▶ **YOUR OBJECTIVE**: Reproduce the listing below word for word, with no pictures.

----

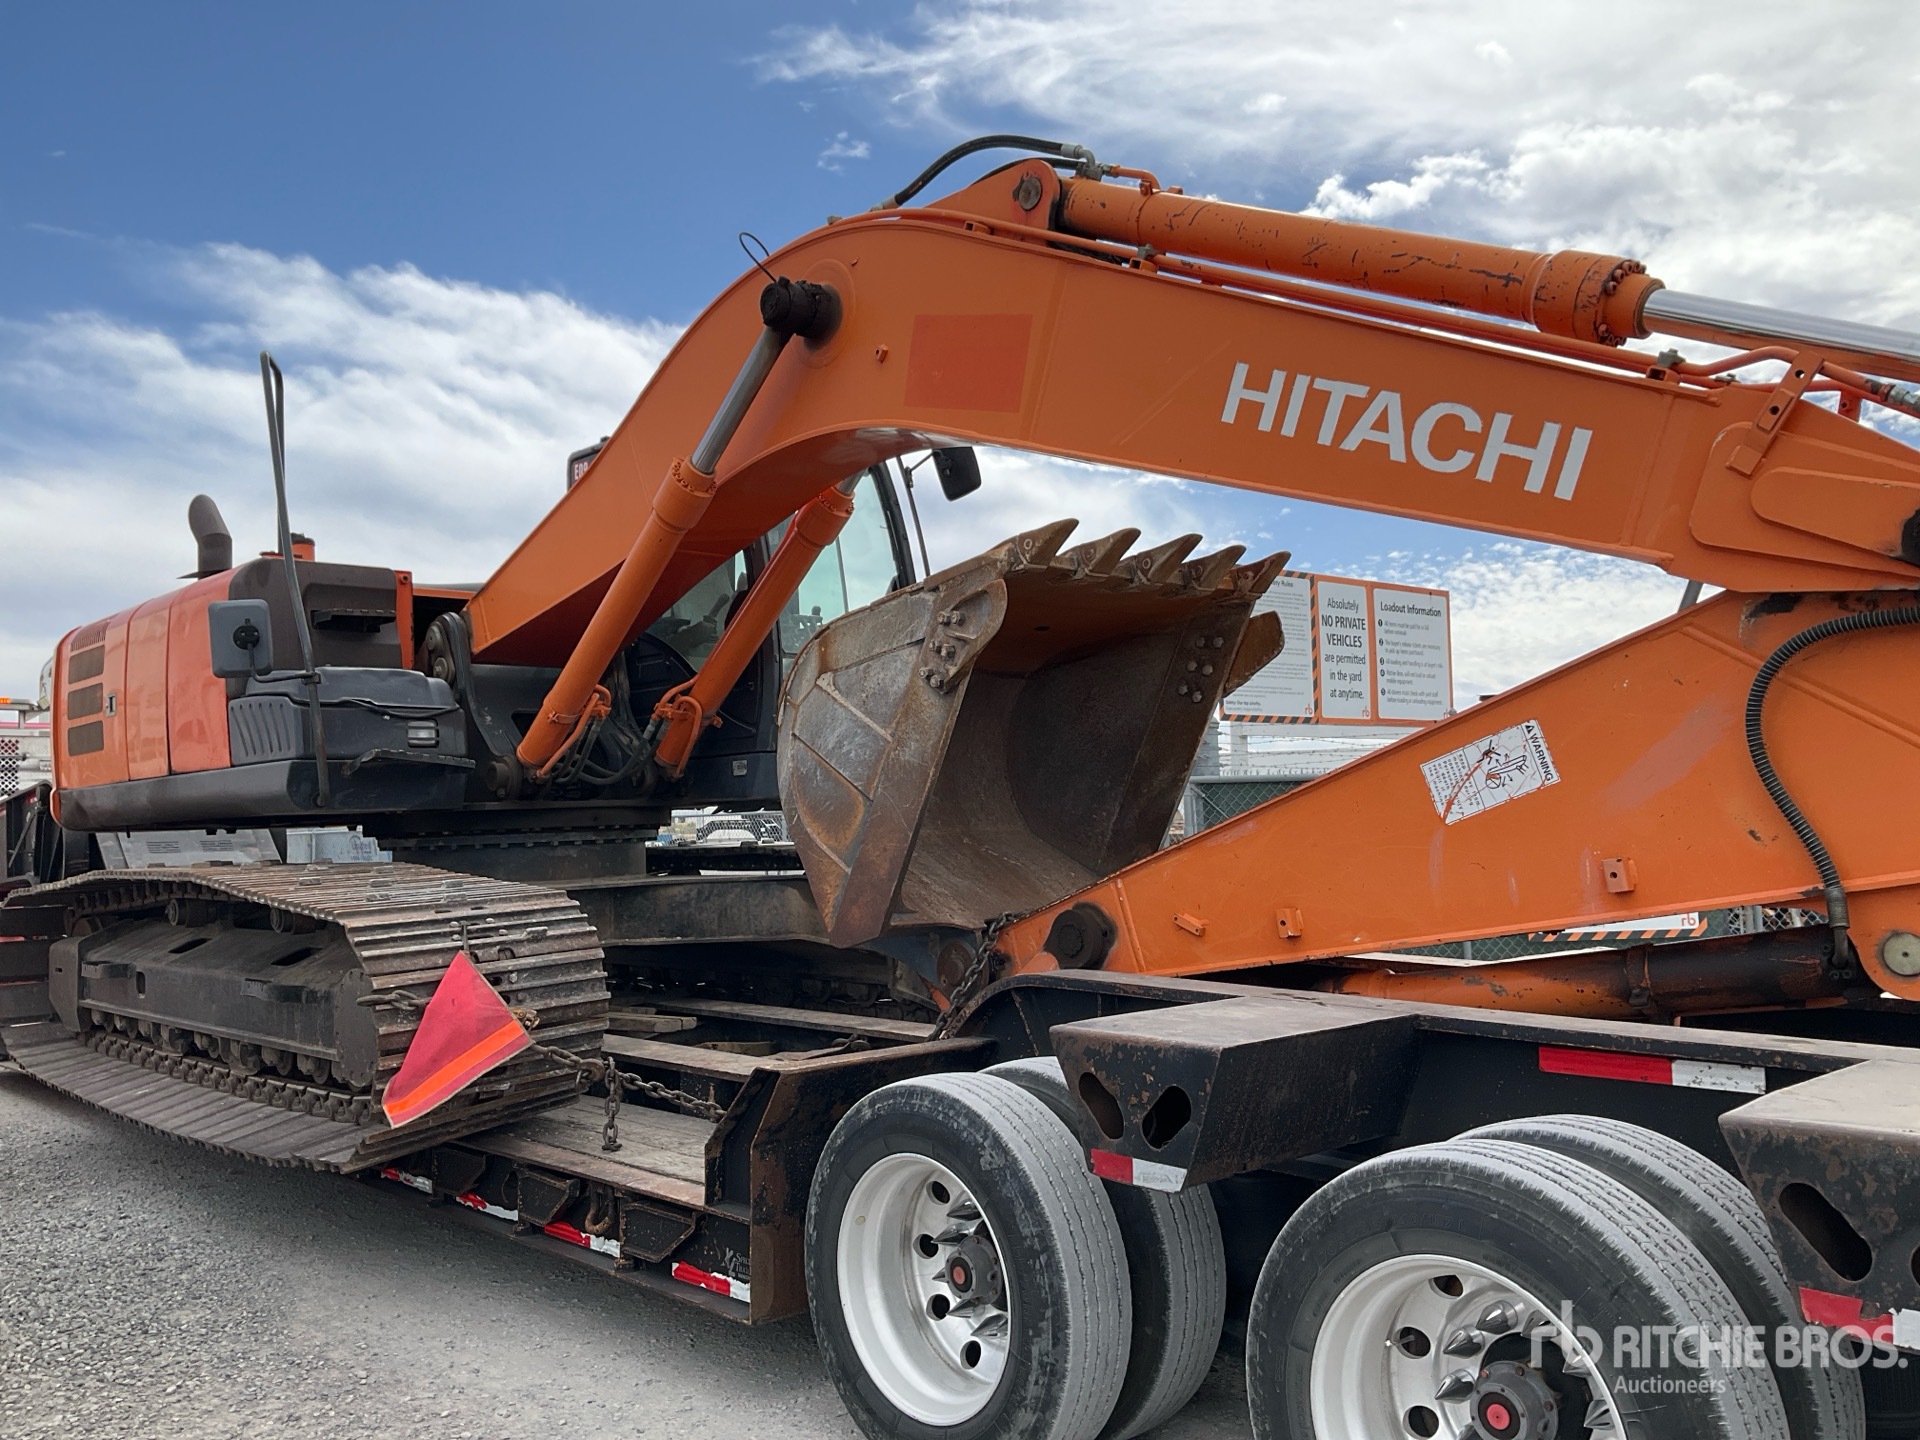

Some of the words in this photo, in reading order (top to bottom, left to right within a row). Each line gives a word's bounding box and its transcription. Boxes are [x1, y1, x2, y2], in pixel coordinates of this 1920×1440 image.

[1221, 361, 1593, 500] HITACHI
[1327, 597, 1359, 613] Absolutely
[1380, 601, 1406, 613] Loadout
[1407, 604, 1441, 617] Information
[1321, 614, 1333, 627] NO
[1335, 616, 1366, 631] PRIVATE
[1326, 633, 1362, 648] VEHICLES
[1324, 653, 1335, 663] are
[1336, 653, 1366, 666] permitted
[1329, 669, 1335, 680] in
[1337, 670, 1347, 681] the
[1348, 670, 1362, 684] yard
[1329, 689, 1337, 698] at
[1337, 688, 1364, 701] anytime.
[1304, 704, 1313, 715] rb
[1362, 706, 1370, 717] rb
[1456, 753, 1467, 769] Keep
[1529, 733, 1554, 782] WARNING
[1681, 913, 1696, 926] rb
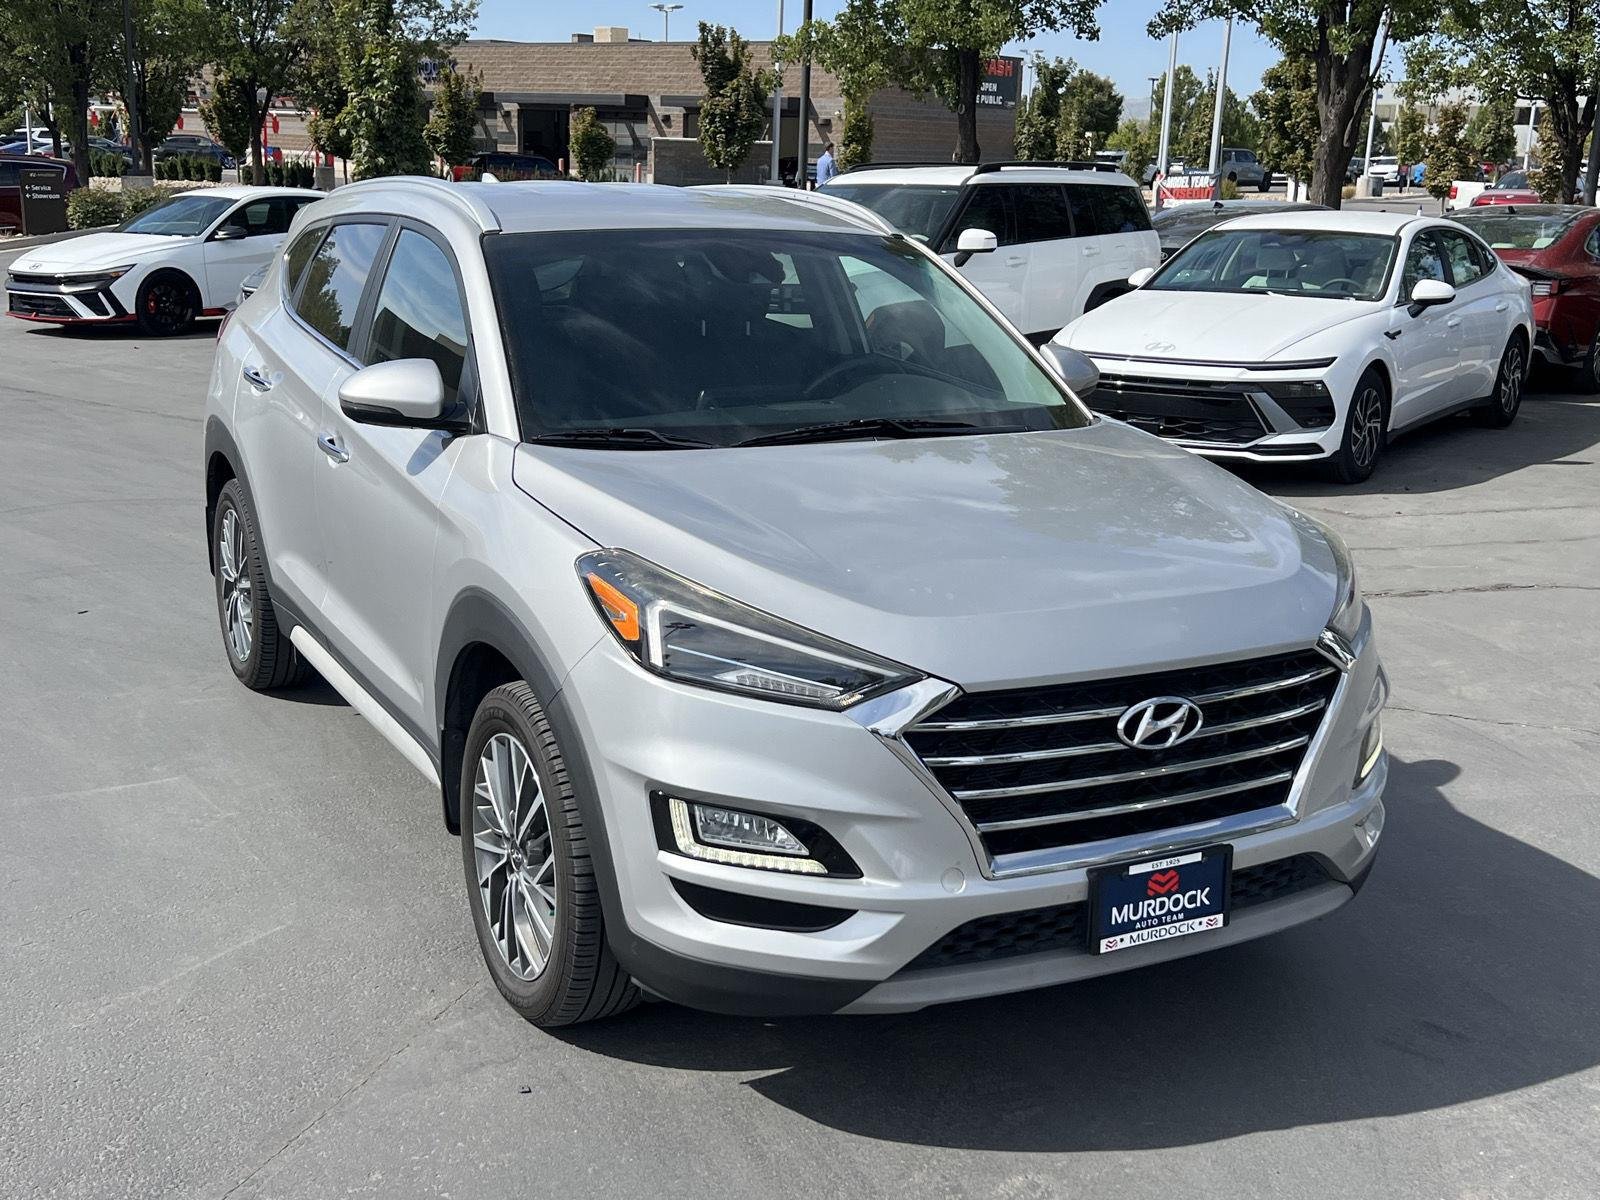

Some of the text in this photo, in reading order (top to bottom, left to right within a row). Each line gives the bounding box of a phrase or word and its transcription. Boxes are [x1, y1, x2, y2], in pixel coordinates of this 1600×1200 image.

[984, 58, 1013, 77] ASH
[980, 95, 1003, 105] PUBLIC
[1191, 176, 1210, 188] YEAR
[1165, 858, 1181, 866] 1925
[1111, 887, 1211, 925] MURDOCK
[1135, 912, 1185, 929] AUTO TEAM
[1129, 921, 1196, 945] MURDOCK
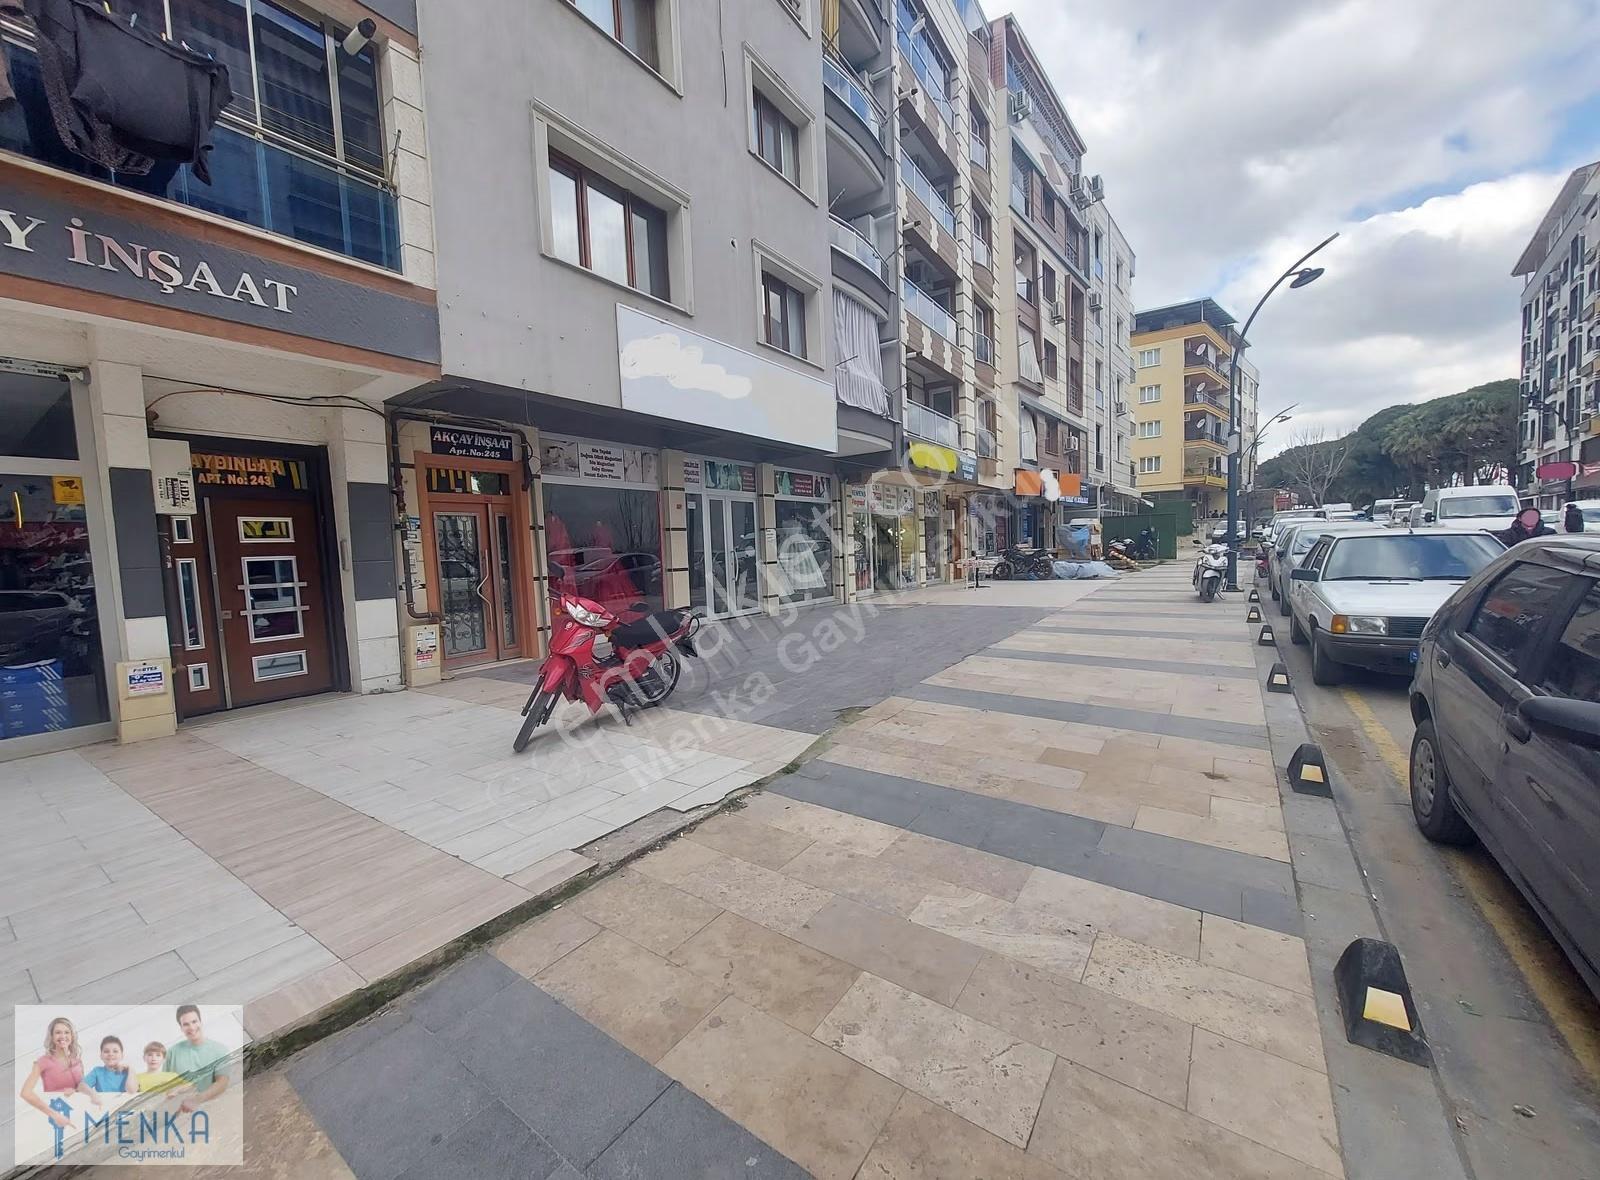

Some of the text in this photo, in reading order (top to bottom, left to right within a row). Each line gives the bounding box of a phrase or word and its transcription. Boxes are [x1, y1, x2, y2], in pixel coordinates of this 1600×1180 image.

[65, 217, 298, 314] İNŞAAT
[433, 430, 512, 449] AKÇAY İNŞAAT
[198, 472, 225, 484] APT.
[250, 475, 271, 486] 243

----

▶ **SOLUTION FOR THIS TASK**:
Some of the words in this photo, in reading order (top to bottom, left to right within a row). Each line gives a word's bounding box and its transcription. Boxes are [x1, y1, x2, y2], in pixel coordinates of this 1920×1440 image.

[1221, 361, 1593, 500] HITACHI
[1327, 597, 1359, 613] Absolutely
[1380, 601, 1406, 613] Loadout
[1407, 604, 1441, 617] Information
[1321, 614, 1333, 627] NO
[1335, 616, 1366, 631] PRIVATE
[1326, 633, 1362, 648] VEHICLES
[1324, 653, 1335, 663] are
[1336, 653, 1366, 666] permitted
[1329, 669, 1335, 680] in
[1337, 670, 1347, 681] the
[1348, 670, 1362, 684] yard
[1329, 689, 1337, 698] at
[1337, 688, 1364, 701] anytime.
[1304, 704, 1313, 715] rb
[1362, 706, 1370, 717] rb
[1456, 753, 1467, 769] Keep
[1529, 733, 1554, 782] WARNING
[1681, 913, 1696, 926] rb

Some of the text in this photo, in reading order (top to bottom, left to right within a row). Each line gives the bounding box of a phrase or word and its transcription. Boxes are [x1, y1, x2, y2], in pixel coordinates of this 1600×1200 image.

[984, 58, 1013, 77] ASH
[980, 95, 1003, 105] PUBLIC
[1191, 176, 1210, 188] YEAR
[1165, 858, 1181, 866] 1925
[1111, 887, 1211, 925] MURDOCK
[1135, 912, 1185, 929] AUTO TEAM
[1129, 921, 1196, 945] MURDOCK

Some of the text in this photo, in reading order (top to bottom, left to right within a row). Each line gives the bounding box of a phrase or word and its transcription. Boxes are [x1, y1, x2, y2], in pixel coordinates of this 1600×1180 image.

[65, 217, 298, 314] İNŞAAT
[433, 430, 512, 449] AKÇAY İNŞAAT
[198, 472, 225, 484] APT.
[250, 475, 271, 486] 243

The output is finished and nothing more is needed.